Stukita

Personal information
- Born: May 8, 1994 (age 32) Torreón, Coahuila, Mexico

Professional wrestling career
- Ring name(s): Principe Halcon Principe Halcon, Jr. Stukita Halcón Suriano Jr. Tigre Universitario Jr.
- Billed height: 1.62 m (5 ft 4 in)
- Billed weight: 65 kg (143 lb)
- Trained by: Halcón Suriano, Jr. CMLL Wrestling School
- Debut: May 6, 2007

= Halcón Suriano Jr. =

Mexican professional wrestler

Halcón Suriano Jr./Stukita (born May 8, 1994) is a Mexican professional wrestler, formerly under contract with the promotion Consejo Mundial de Lucha Libre (CMLL). Until the fall of 2018 he worked under the name "Stukita" in CMLL's Mini-Estrella division. Working in the Mini-Estrellas division did not mean that Stukita is a dwarf as several wrestlers who are just shorter in stature work in the "Mini" division.

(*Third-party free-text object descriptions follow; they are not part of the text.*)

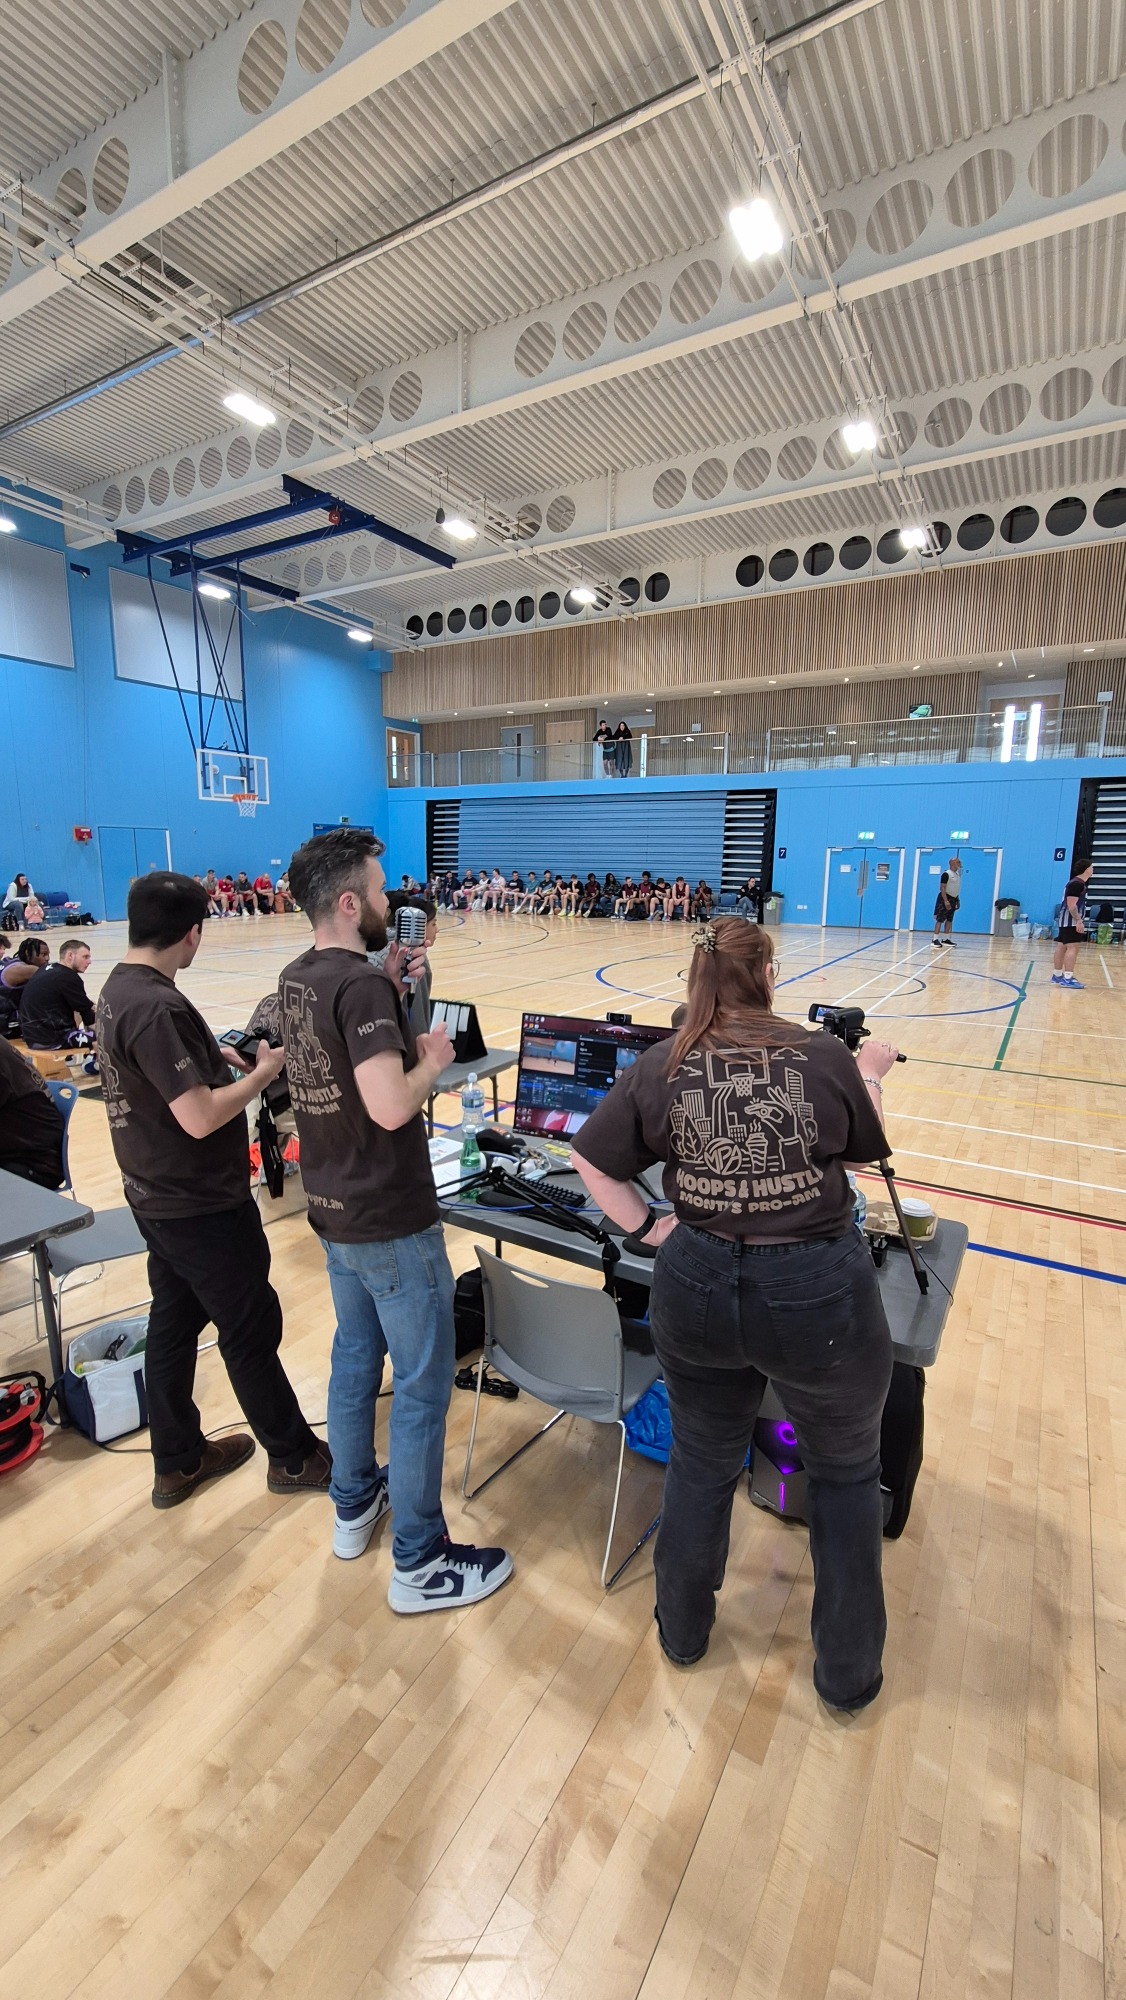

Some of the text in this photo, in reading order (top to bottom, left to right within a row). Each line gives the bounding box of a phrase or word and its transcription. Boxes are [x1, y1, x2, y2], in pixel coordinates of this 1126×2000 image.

[780, 849, 786, 857] 7
[1056, 850, 1064, 859] 6
[357, 1021, 375, 1037] HD
[676, 1168, 737, 1198] HOOPS
[738, 1180, 750, 1199] &
[748, 1187, 821, 1213] PRO-AM
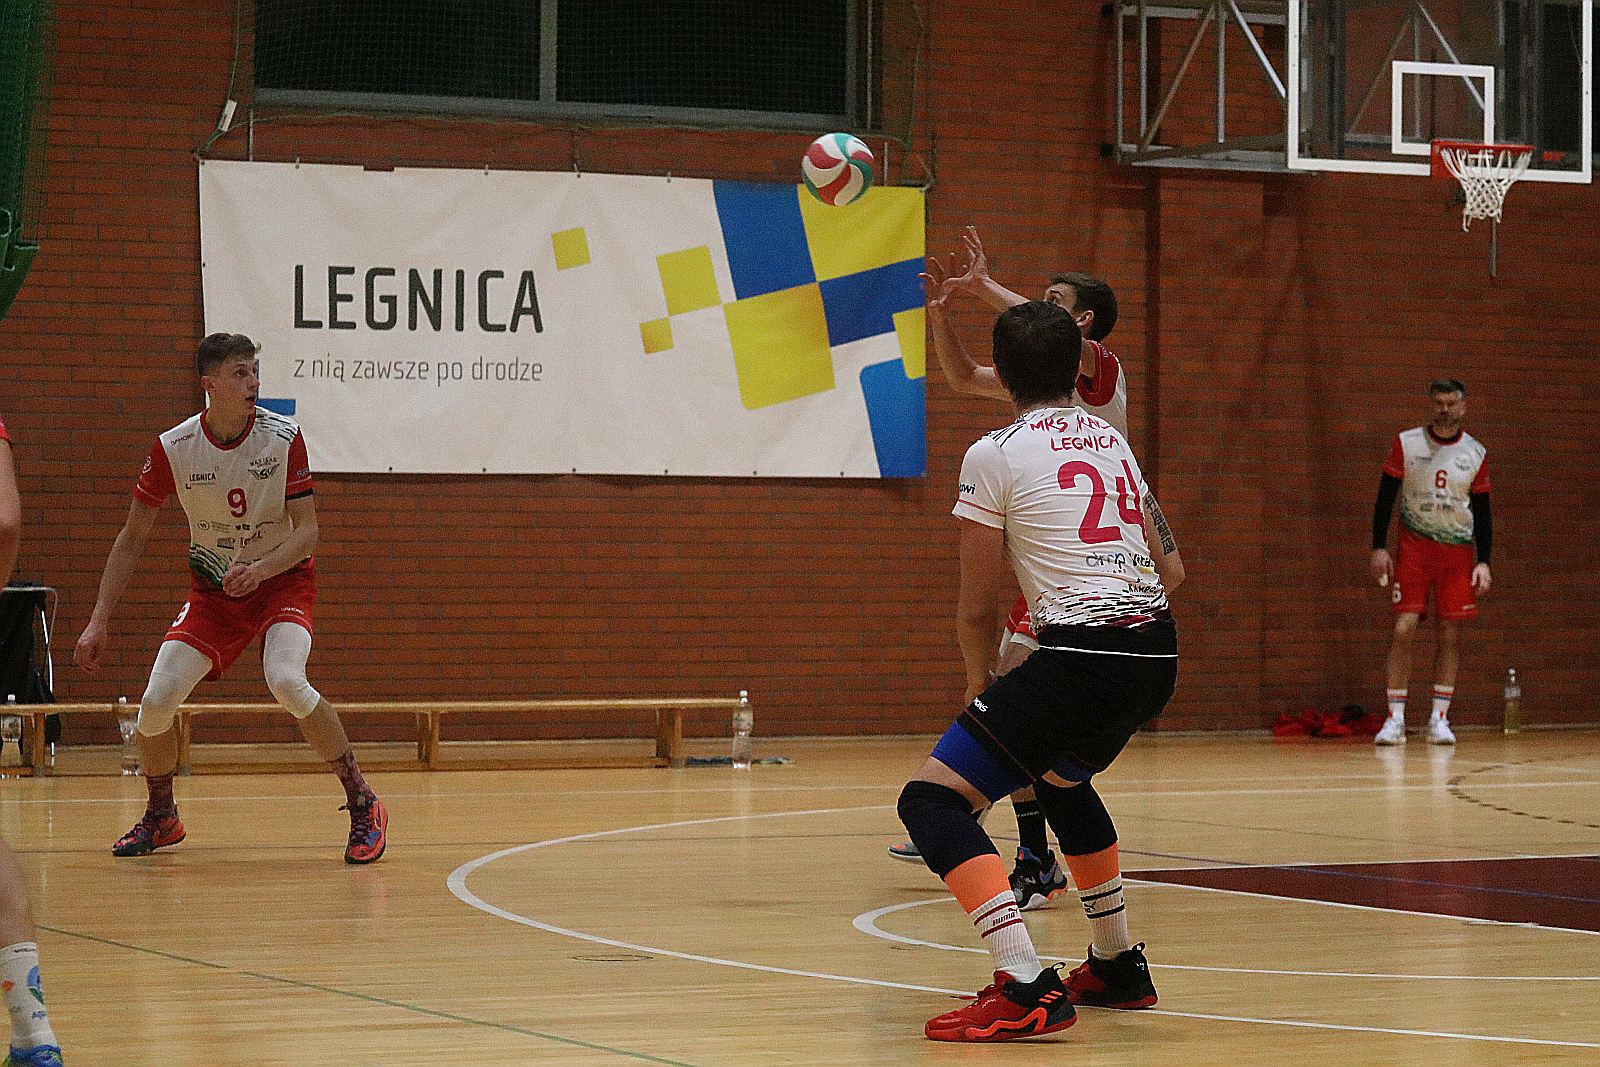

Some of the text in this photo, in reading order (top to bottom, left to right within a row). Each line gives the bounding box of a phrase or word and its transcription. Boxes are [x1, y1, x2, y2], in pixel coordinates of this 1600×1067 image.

[293, 264, 544, 333] LEGNICA
[293, 352, 543, 387] z nią zawsze po drodze
[1030, 417, 1068, 432] MKS
[1051, 434, 1119, 452] LEGNICA
[189, 473, 216, 482] LEGNICA
[1435, 469, 1447, 489] 6
[227, 488, 247, 518] 9
[1057, 459, 1148, 545] 24
[171, 601, 191, 628] 9
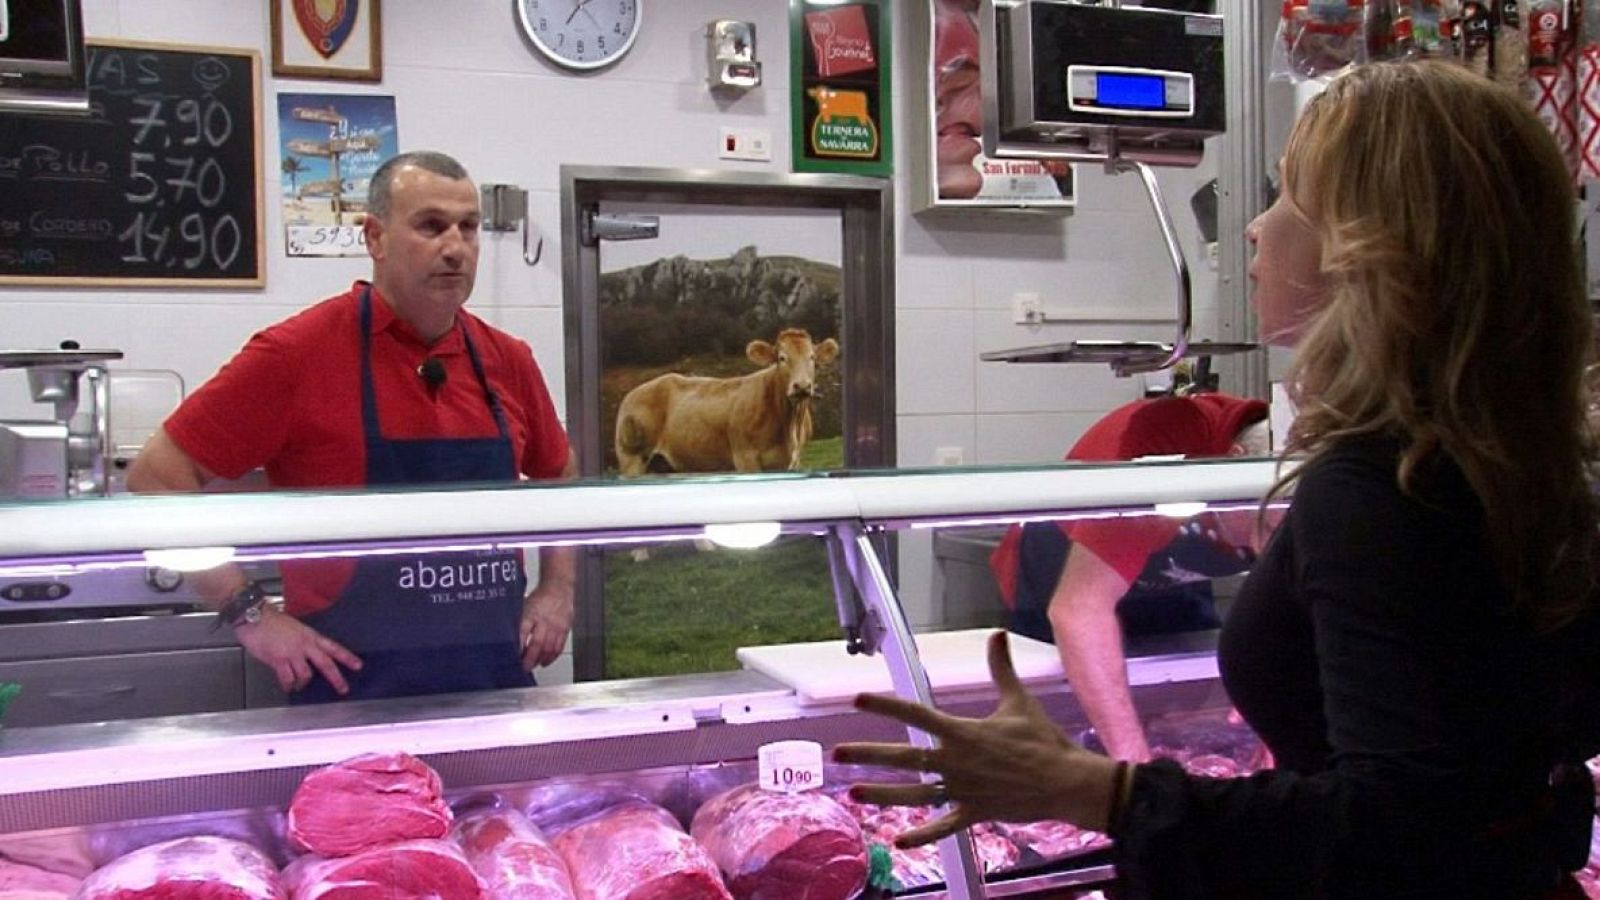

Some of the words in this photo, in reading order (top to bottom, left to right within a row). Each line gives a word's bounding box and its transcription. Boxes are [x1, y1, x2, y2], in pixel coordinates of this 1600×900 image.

[822, 125, 869, 137] TERNERA
[820, 139, 869, 151] NAVARRA
[983, 161, 1003, 174] San
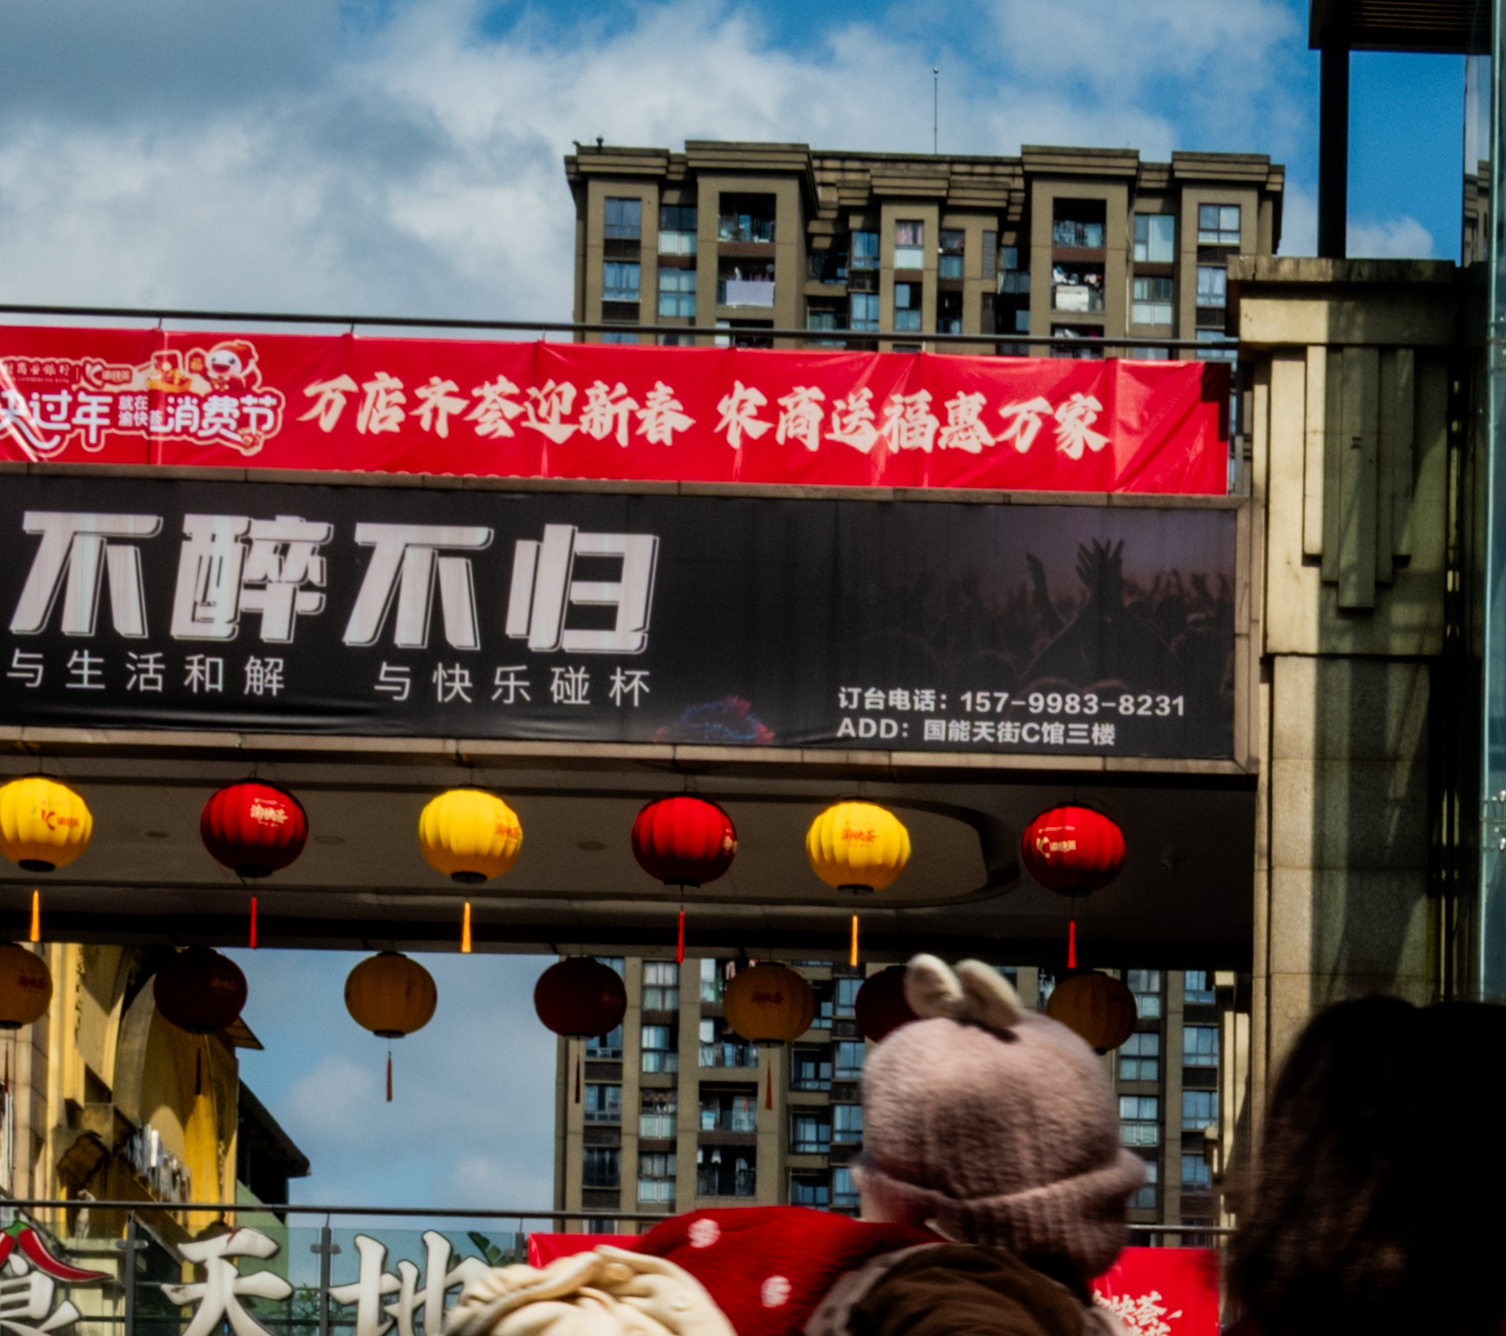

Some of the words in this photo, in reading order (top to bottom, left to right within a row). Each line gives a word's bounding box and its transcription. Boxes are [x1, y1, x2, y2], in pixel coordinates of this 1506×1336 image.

[296, 370, 696, 448] 万店齐荟迎新春
[715, 379, 1112, 461] 农商送福惠万家
[8, 509, 661, 654] 不醉不归
[7, 649, 286, 696] 与生活和解
[374, 661, 651, 707] 与快乐碰杯
[1094, 1288, 1167, 1328] 快荟

The name "Stukita" was the diminutive form of "Stuka", as he portrayed a smaller version of wrestlers Stuka and Stuka, Jr. He is a third-generation wrestler with both his father and grandfather being professional wrestlers before him, which he honors by working under the name 'Halcón Suriano Jr." His real name is not a matter of public record, as is often the case with masked wrestlers in Mexico where their private lives are kept a secret from the wrestling fans.

==Personal life==
Halcón Suriano Jr. is a third-generation professional wrestler, his grandfather Juan José Espinoza Meza wrestled under the ring name "Halcón Suriano" ("Falcon Suriano") until his death in 1993. His father and three of his uncles are or were also professional wrestlers, his father worked under the name Halcón Suriano, Jr. and his uncles as Pequeño Halcón ("Little Falcon"), Príncipe Halcón ("Prince Falcon") and Caballero Halcón ("Falcon Knight"). He is the cousin of Pequeño Halcón, who is the son of the original Pequeño Halcón.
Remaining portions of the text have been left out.